The observed duration between vaccination and onset of symptoms correlates with the upregulation of cytokine signature within days after COVID-19 vaccination [17] and is in line with other studies reporting duration of 10 days between diagnosis of underlying HLH trigger and occurrence of first symptoms [4]. In this case series, etoposide was the agent least frequently administered. The use of etoposide for immunosuppression in HLH according to the HLH-1994 protocol [18] is frequently limited by toxicity in patients with hepatic dysfunction. Comparisons of different HLH treatment strategies in adults with evidence from larger prospective studies are lacking, yet alternative strategies are becoming increasingly available.
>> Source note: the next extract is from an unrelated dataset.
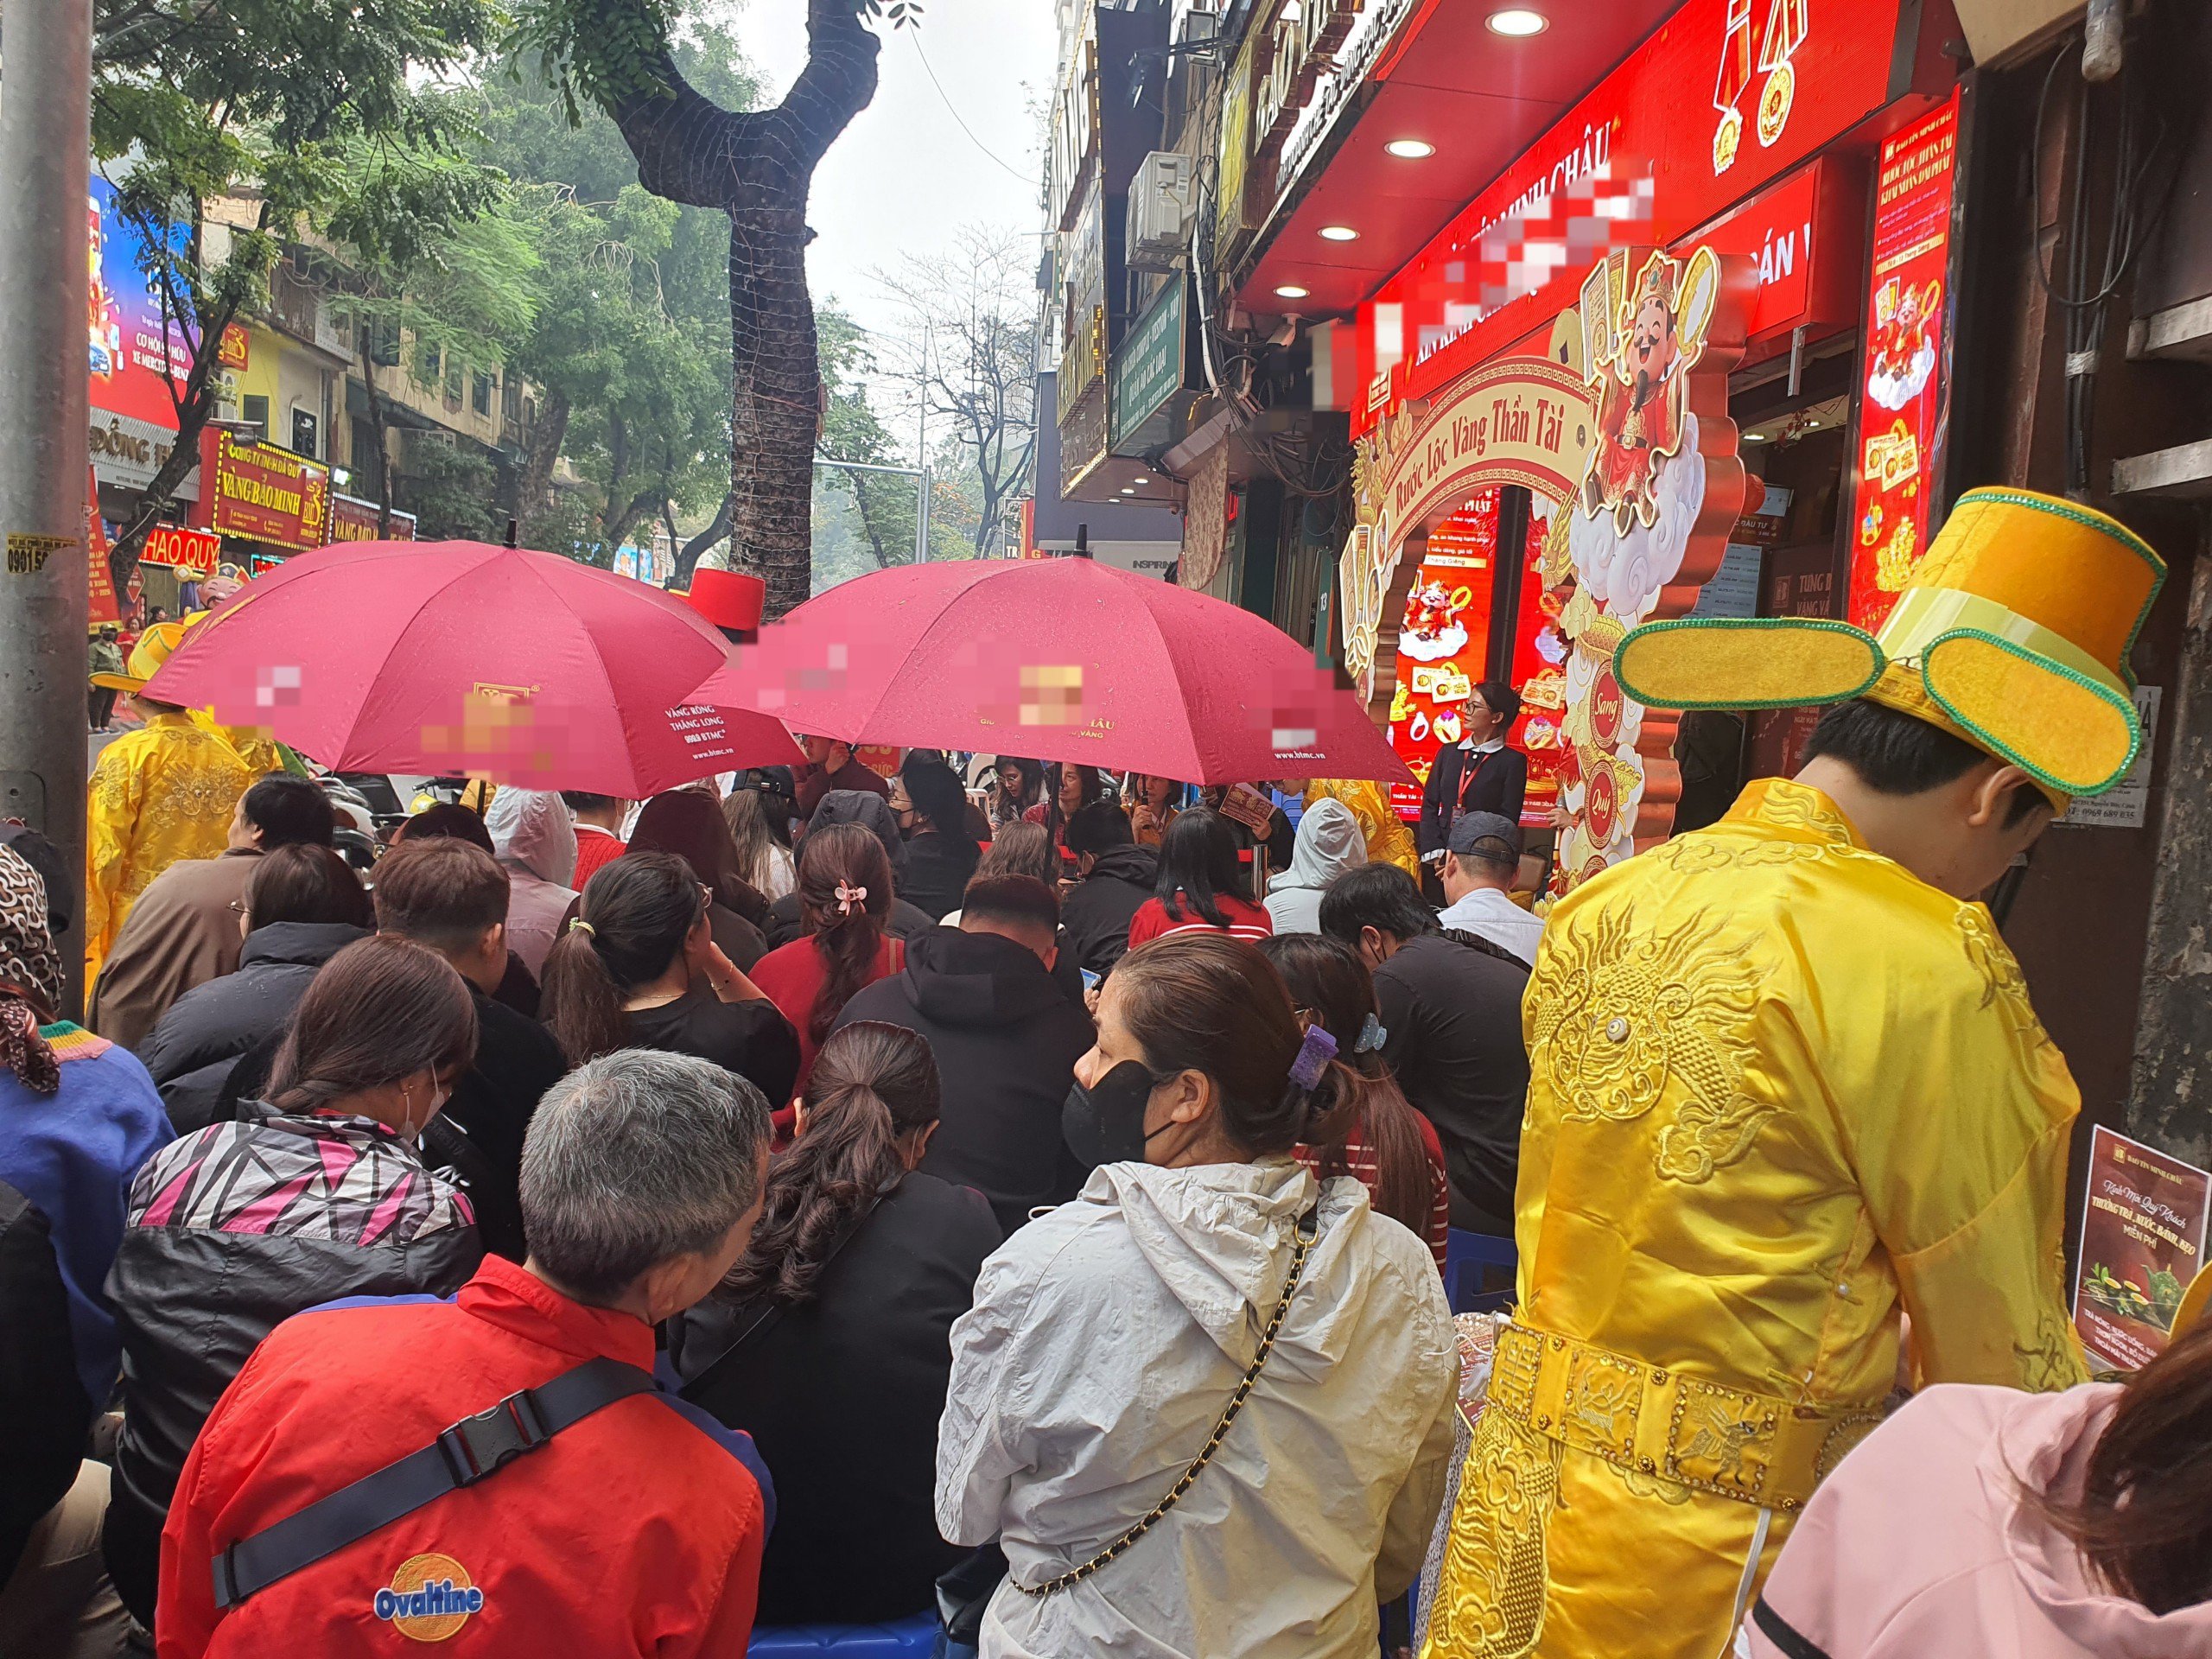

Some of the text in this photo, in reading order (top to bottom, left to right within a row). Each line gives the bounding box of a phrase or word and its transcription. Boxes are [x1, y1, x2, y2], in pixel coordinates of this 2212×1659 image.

Anakinra has a good safety profile and a retrospective case series has shown clinical improvement and promising survival rates in combination with IVIGs or/and corticosteroids in patients with reactive HLH [19]. In addition, a favorable response to Anakinra treatment was reported in patients with COVID-19-associated HLH [20]. Anakinra has also been shown to significantly decrease mortality in COVID-19 patients with elevated soluble urokinase plasminogen activator receptor (suPAR) serum levels as a marker of pathogenic inflammation [21]. Based on our and other described reports (Table 1), as well as on a potential influence of pro-inflammatory cytokine IL1-1β [7], we suggest that patients diagnosed with HLH following a SARS-CoV-2 vaccination may benefit from the addition of Anakinra to the immunosuppressive treatment regimen for hyperinflammation syndrome. Moreover, the possibility of a SARS-CoV-2 vaccine-associated HLH should be kept in mind in the clinical routine to initiate early and targeted therapy.